For histological CLSM data, a Leica SP5 II confocal microscope (Leica Microsystems) with AOTF and AOBS, and HyD detection on a DMI6000 CS frame, was used. Imaging of coverslip-embedded samples was performed using an HCX PL APO ×100 oil objective with a NA of 1.44. Fluorescence signals were generated via sequential scans, exciting tdTomato or AF555 using a DPSS laser at 561 nm and detecting with an HyD tuned to 600–650 nm. The second sequence for visualizing AF488 signals comprised an Argon laser at 488 nm for excitation and an HyD detector tuned to 500–550 nm. As a third sequence, a 633 nm Helium–Neon laser for Alexa Fluor 647 excitation and an HyD tuned to 650–700 nm for detection were used. The fourth sequence included a 405 nm laser Diode for DAPI excitation and HyD detection at 470–520 nm.

Further information on software versions used for data collection and processing is listed in the reporting summary document and Supplementary table 4.

Intravital TPLSM

Mice were prepared for intravital TPLSM as previously described4. TPLSM was performed with a Leica system as described above. EGFP+ cells of female 7–12-week-old LysM-EGFP mice and tdTomato+ cells of CatchupIVM-red mice were excited at 960 nm, at which point bone tissue additionally emits a SHG signal at 480 nm. Fluorescent cells were detected with specific filters at either 525/50 nm (EGFP) or 585/50 nm (tdTomato), and SHG was detected via a 460/50 nm filter.

Blood flow was visualized by injecting (intravenous) either 1.5 mg ml–1 rhodamine dextran (Sigma-Aldrich, cat. no. R9379–100MG) or 1 µM Qtracker 655 Vascular Labels (Thermo Fisher, cat. no. Q21021MP) in a total volume of 100 µl PBS. Fluorescence was excited at 960 nm and detected with either a 585/40 nm (rhodamine dextran) or a 650/50 nm (Qtracker 655) filter. Imaging was performed in both resonant and non-resonant detection mode. Scan speed was adjusted individually for different vessel types, from 600 Hz to 12 kHz.

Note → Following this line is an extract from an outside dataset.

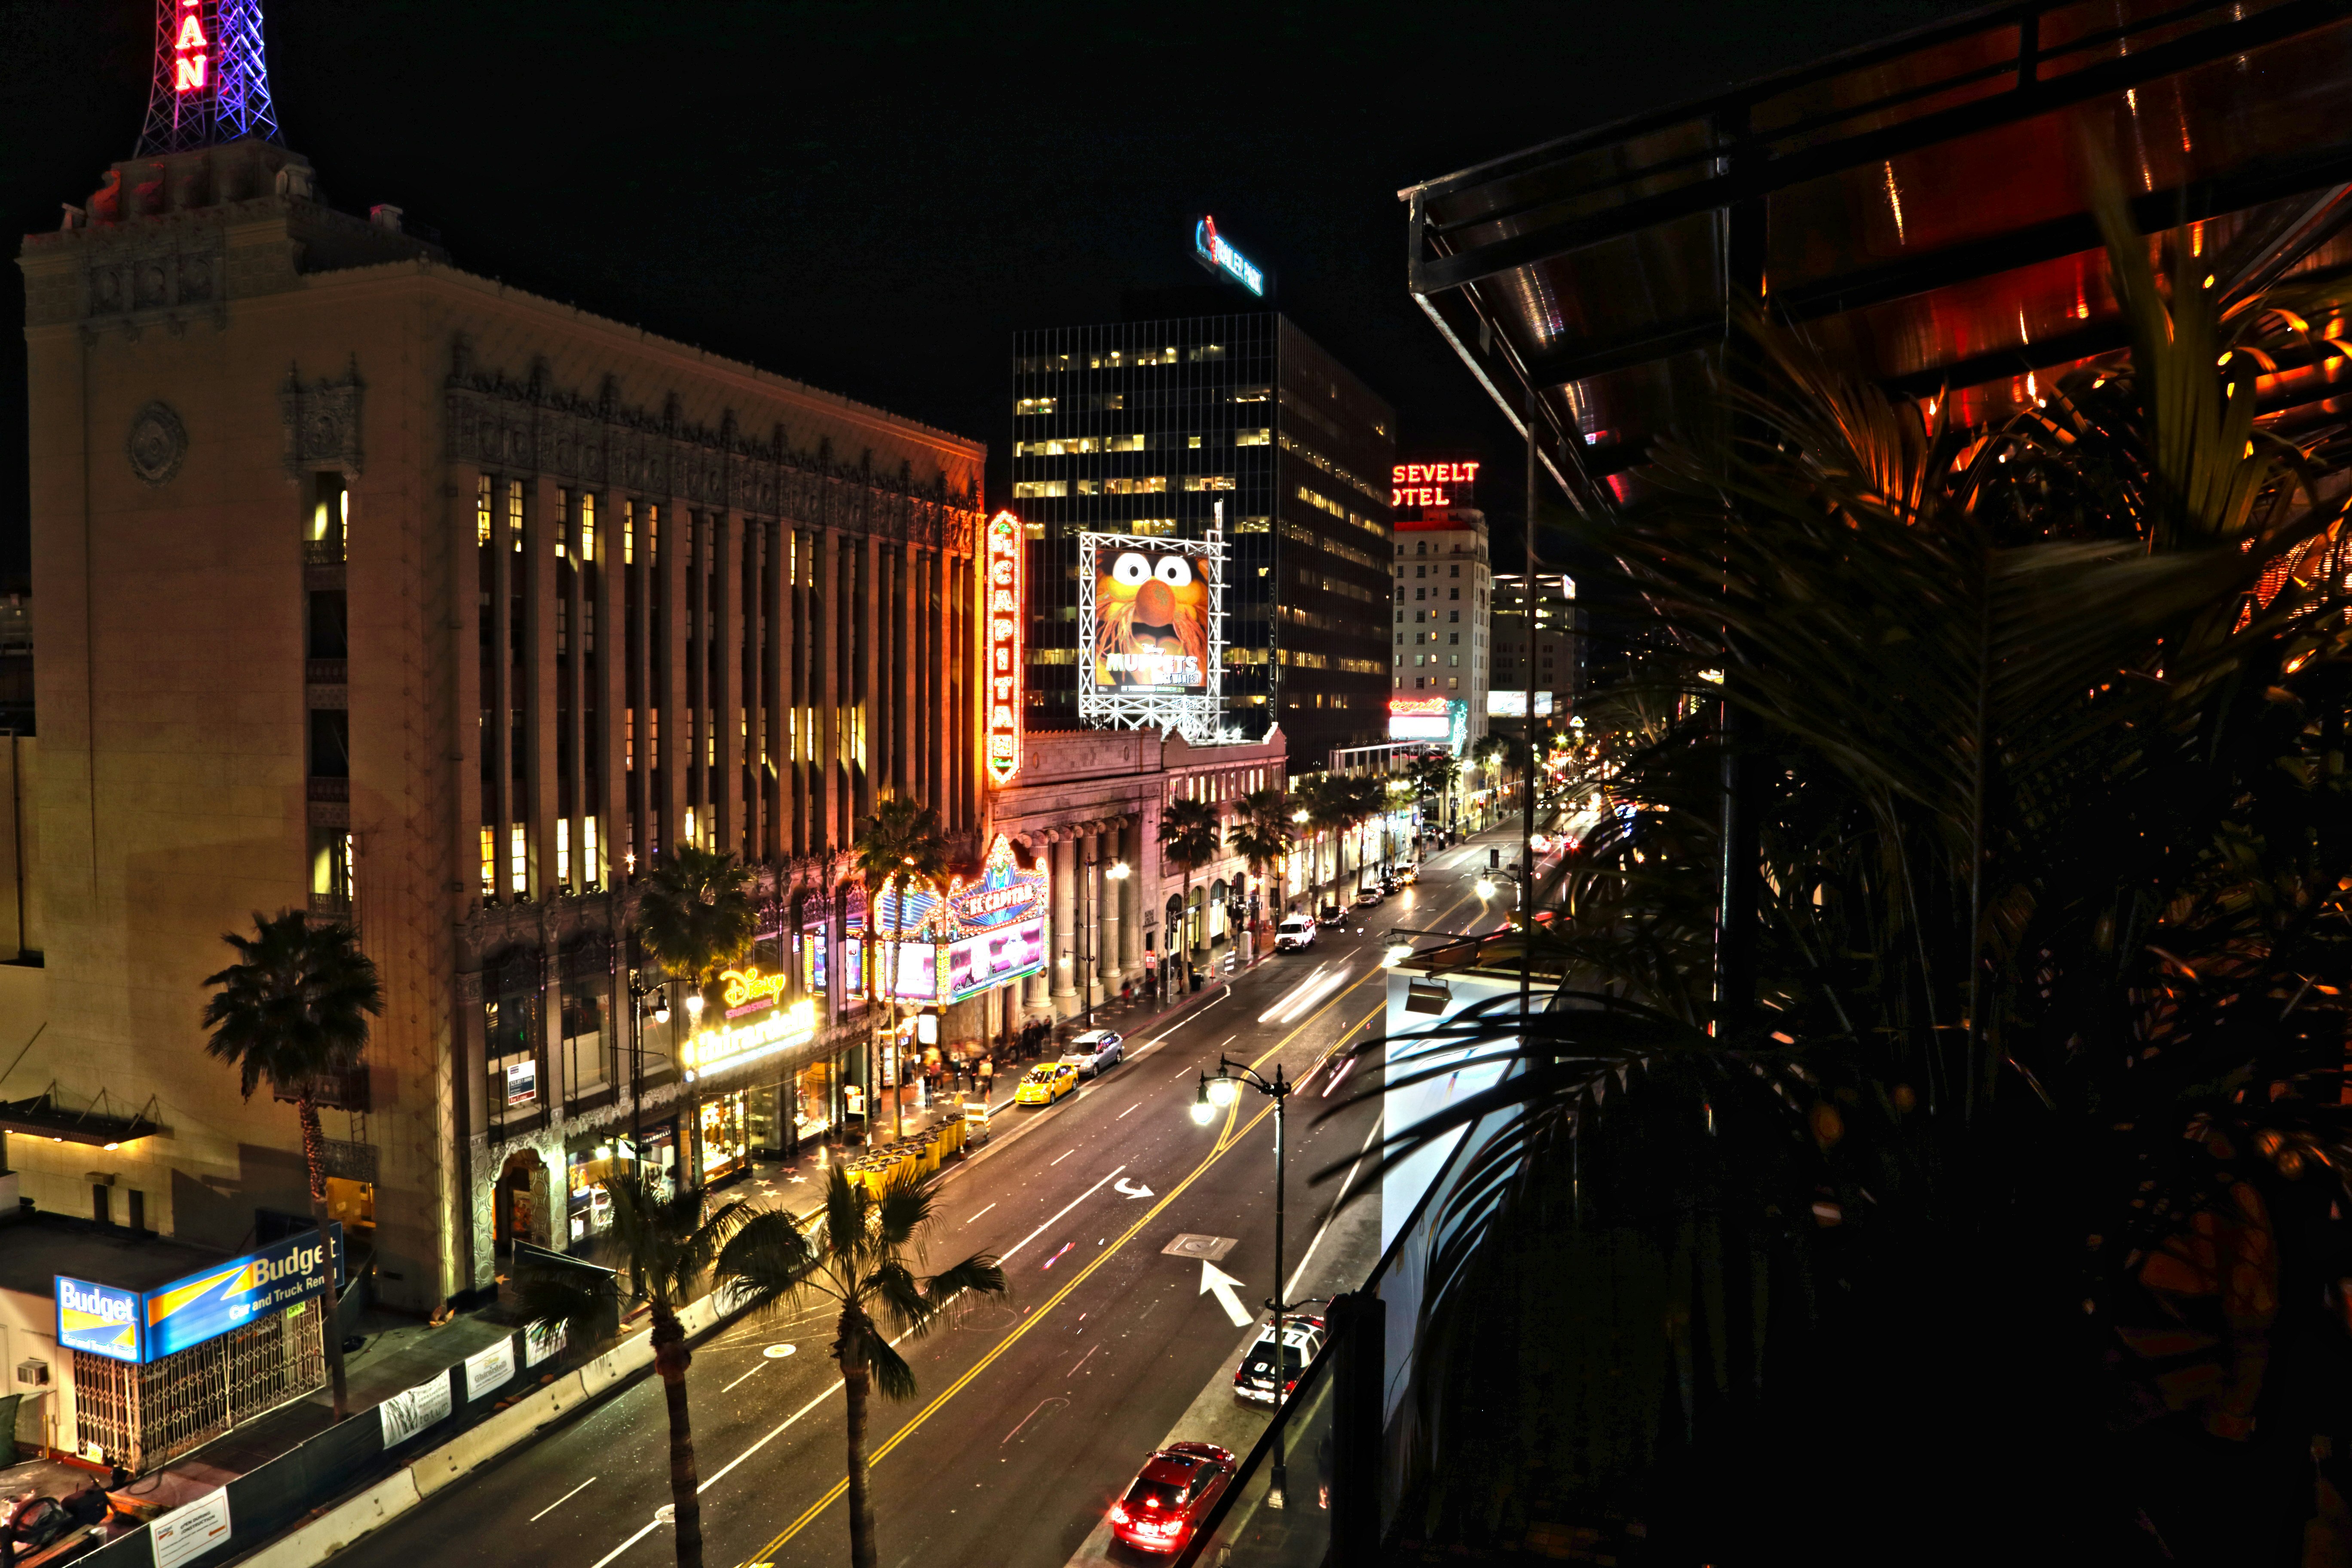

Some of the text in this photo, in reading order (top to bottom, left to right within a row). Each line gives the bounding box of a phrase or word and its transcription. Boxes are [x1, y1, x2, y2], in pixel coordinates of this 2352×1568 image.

Neutrophils were activated by injecting (intravenous) 100 µg kg–1 body weight human recombinant granulocyte-stimulating factor (Neupogen, Amgen GmbH) in a total volume of 100 µl PBS. The raw data were reconstructed and analysed using Imaris software (Bitplane) and ImageJ.

Further information on software versions used for data collection and processing is listed in the reporting summary document and Supplementary table 4.

X-ray microscopy of murine long bones

Female 7–12-week-old C57BL/6J mice were painlessly killed via cervical dislocation, and the hind legs were prepared. Surrounding muscle tissue was circumspectly removed from the entire leg. The remaining tissue was digested in a collagenase solution consisting of 1 mg ml–1 collagenase Type IV and 10 mM HEPES in HBSS, with gentle shaking for 12 h at 37 °C. After incubation, the remaining tissues were dissected into their constituent parts. The separated tibiae were collected and incubated again in collagenase solution for 12 h at 37 °C.

The X-ray microscope is a sample-rotating system providing a suitably long working distance and adjustable energy range for obtaining 3D density data from a sample, whereas conventional 2D radiographs capture the X-ray density of a sample from hundreds of different angles. The data are reconstructed into a 3D data set with each voxel containing a value of X-ray density of that location in space. This method can capture complex internal geometries where there is sufficient contrast between material densities34. Recent advances in this field allow voxel sizes below the micrometre range84.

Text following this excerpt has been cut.